From records maintained by TPO Group enthusiasts, I quickly found that in 1993 the nameplate had been attached to the Sorting Carriage number 80367. With this information, I was able to get in touch with The Postal Museum’s Archive. They supported me by searching through issues of Courier, the Post Office’s monthly staff newspaper, looking for a report of the official naming. We found it in the May 1993 issue and this told us that Michael Berry had recently retired from his role as Distributions Director. 

Other sources we were able to use during this research were the Establishment Books. These were a Post Office annual publication that included listings of senior staff organised by department, with a summary of their past positions and dates.
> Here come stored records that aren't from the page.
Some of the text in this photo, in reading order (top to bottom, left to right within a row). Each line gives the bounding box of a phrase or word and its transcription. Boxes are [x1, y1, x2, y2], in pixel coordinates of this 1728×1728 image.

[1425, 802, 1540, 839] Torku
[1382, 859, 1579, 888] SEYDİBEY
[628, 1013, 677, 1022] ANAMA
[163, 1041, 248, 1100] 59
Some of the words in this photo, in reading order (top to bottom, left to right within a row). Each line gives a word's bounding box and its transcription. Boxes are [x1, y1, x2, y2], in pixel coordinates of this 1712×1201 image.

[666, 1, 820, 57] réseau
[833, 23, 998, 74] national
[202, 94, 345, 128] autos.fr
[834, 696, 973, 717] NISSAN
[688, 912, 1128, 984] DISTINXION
The entries for Mr Berry revealed that he joined the Post Office as a junior postman in Liverpool in 1953. In 1985, Mr Berry was Senior Mails Inspector and was later promoted to Head of Network Transport, where he planned the delivery and collection service. By the time he retired in 1993, he had risen through the ranks to become Distributions Director, where he had overall responsibility for moving the mail by air, rail and road at a time when railways carried the majority of the mail.
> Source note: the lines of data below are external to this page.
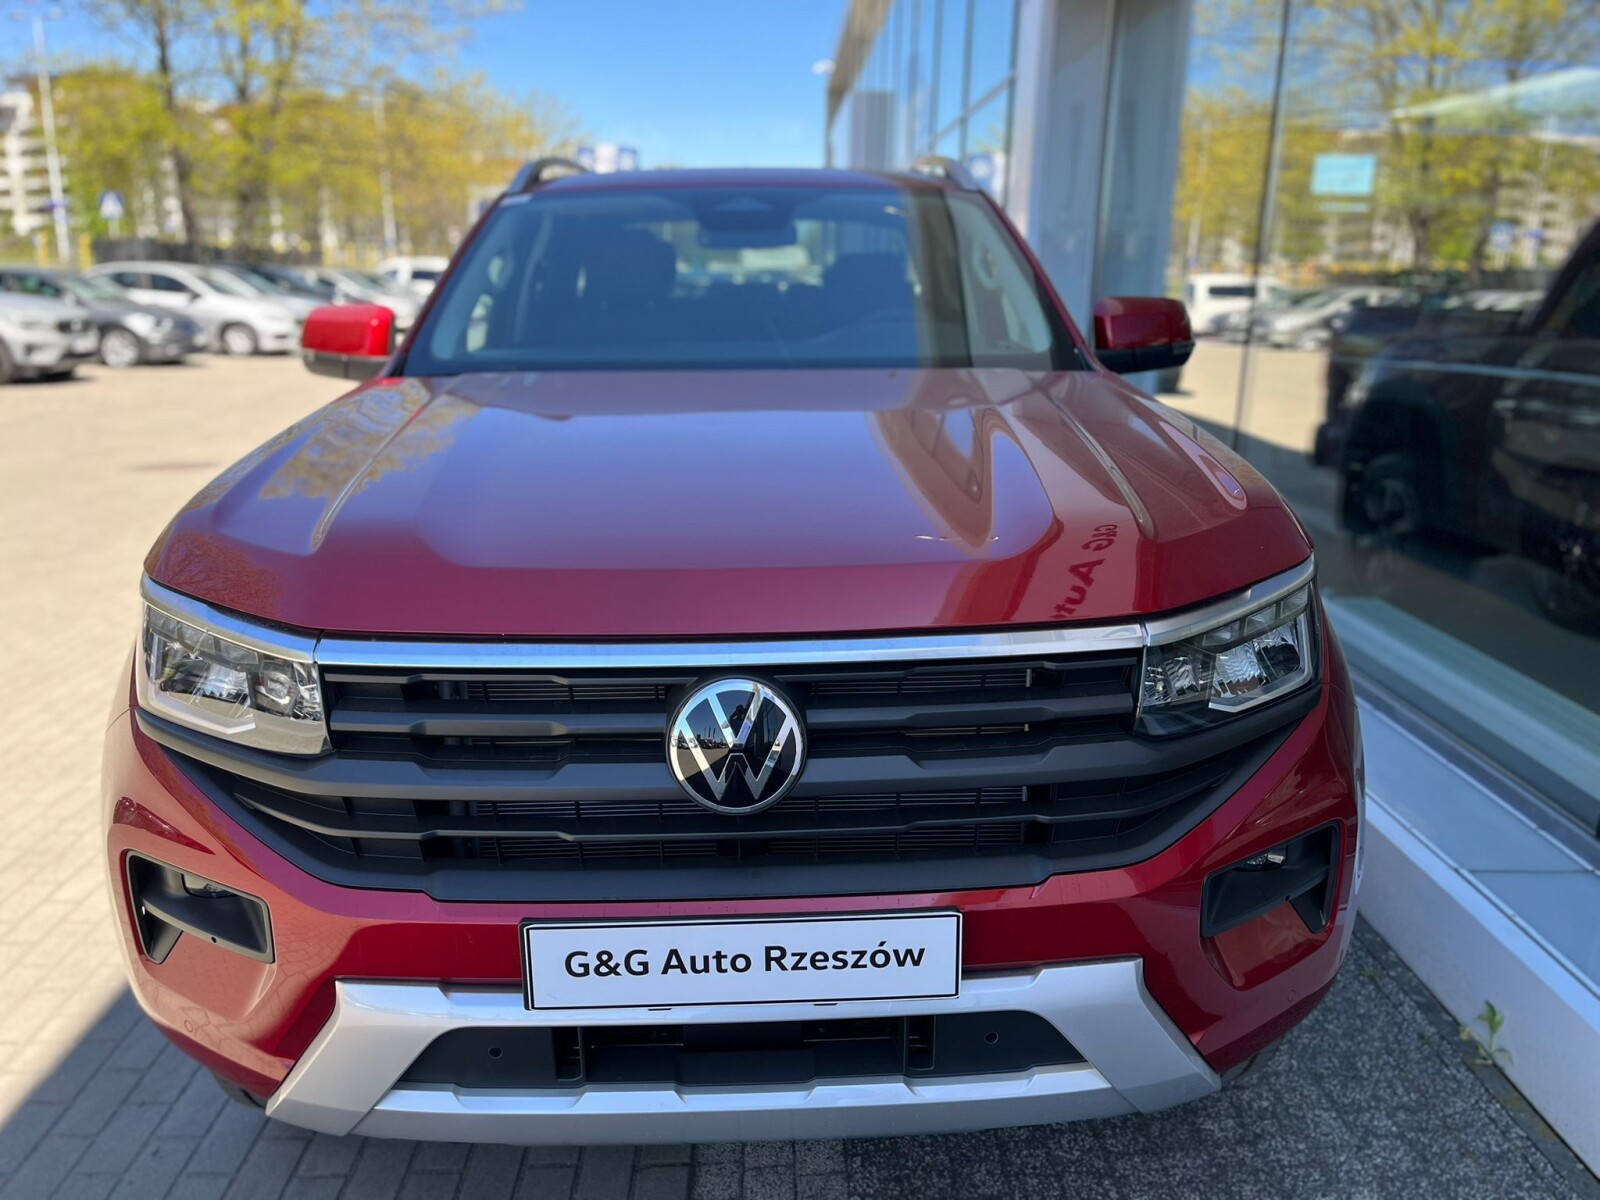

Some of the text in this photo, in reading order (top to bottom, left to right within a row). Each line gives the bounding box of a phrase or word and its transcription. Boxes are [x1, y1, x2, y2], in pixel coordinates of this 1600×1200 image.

[672, 682, 802, 808] VW
[564, 940, 926, 978] G&G Auto Rzeszów
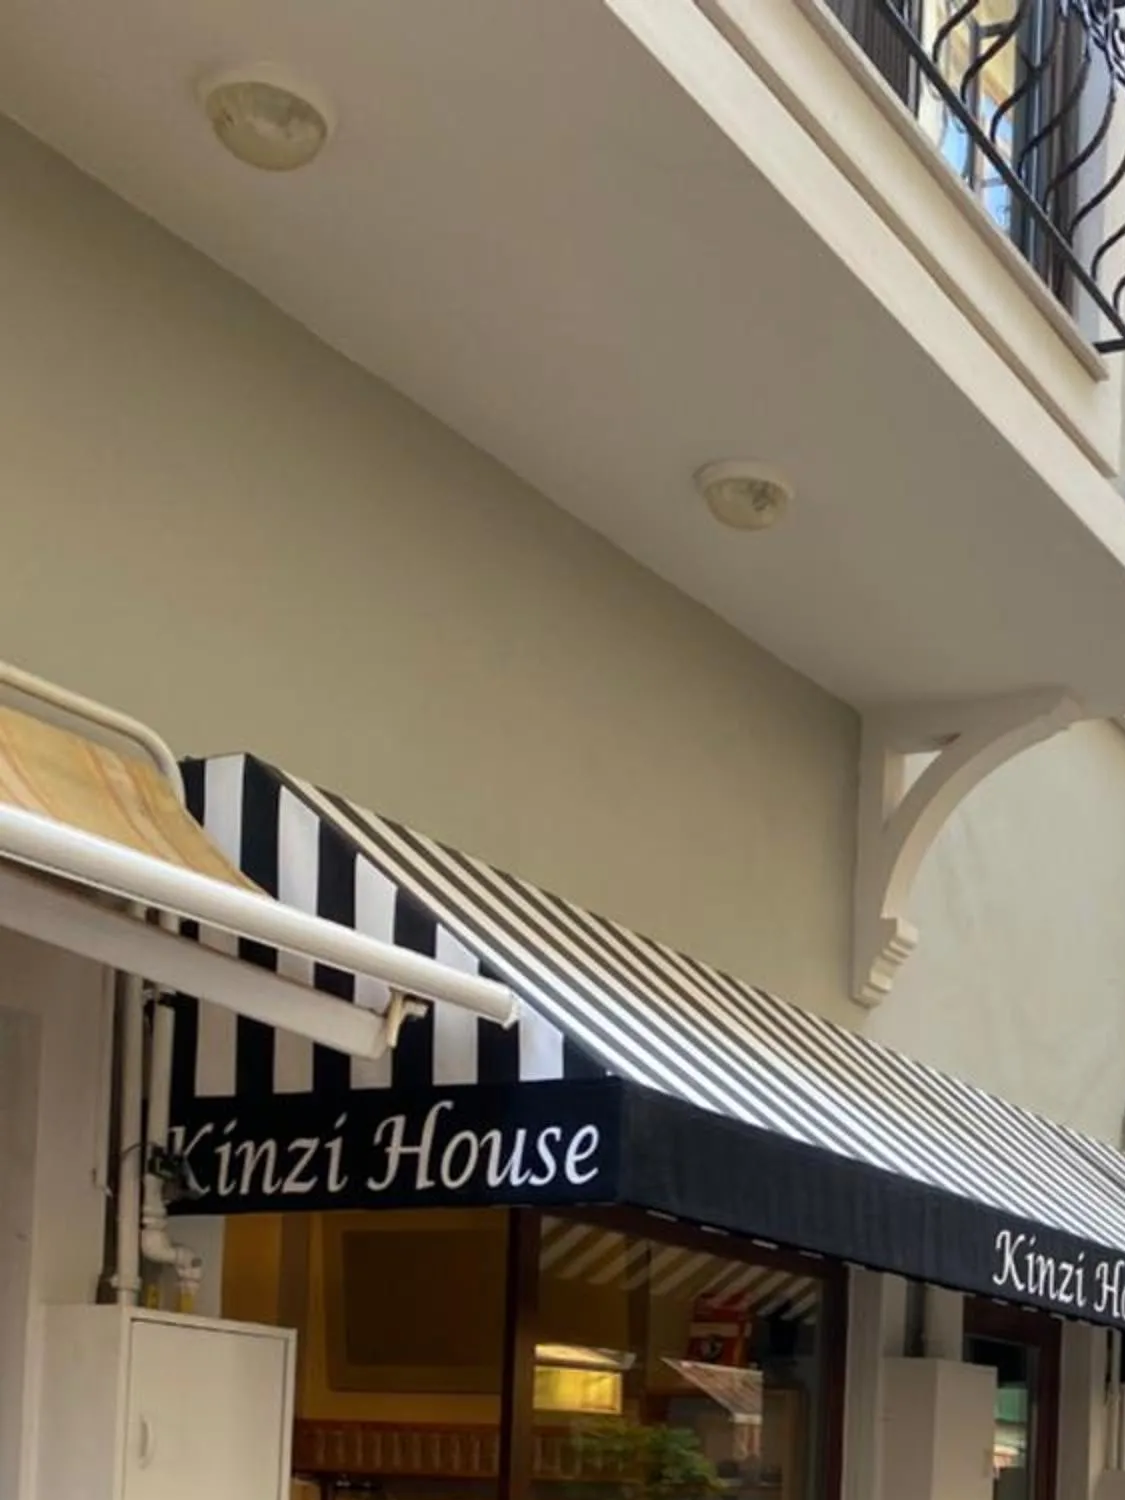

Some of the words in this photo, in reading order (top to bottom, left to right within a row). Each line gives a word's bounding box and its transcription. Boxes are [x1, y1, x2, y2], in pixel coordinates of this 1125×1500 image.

[167, 1112, 348, 1196] Kinzi
[367, 1100, 599, 1190] House
[992, 1229, 1087, 1308] Kinzi
In the last four years before he retired, Mr Berry saw the quality of the service rise from 78% to 92%. He would have also been involved in the early stages of planning Railnet, the fully-integrated national mail distribution system that went live in September 1996. Therefore, British Rail’s renaming of the TPO Sorting Carriage 80367 with ‘M. G. Berry’ nameplate recognised his dedication in overseeing the improvements in the service and the movement of mail by rail. 

The Archive team also traced a photograph of Mr Berry dating from the 1980s. We were able to compare that image with the rather grainy photograph published with the report of his retirement and the naming of TPO Sorting Carriage 80367. We were happy that the two images were of the same man, albeit taken some ten years apart!  

Article in the April edition of The Courier, 1993

The Archive is a free-of-charge service provided by The Postal Museum. It hosts the Royal Mail and Post Office Ltd archives and is open to all.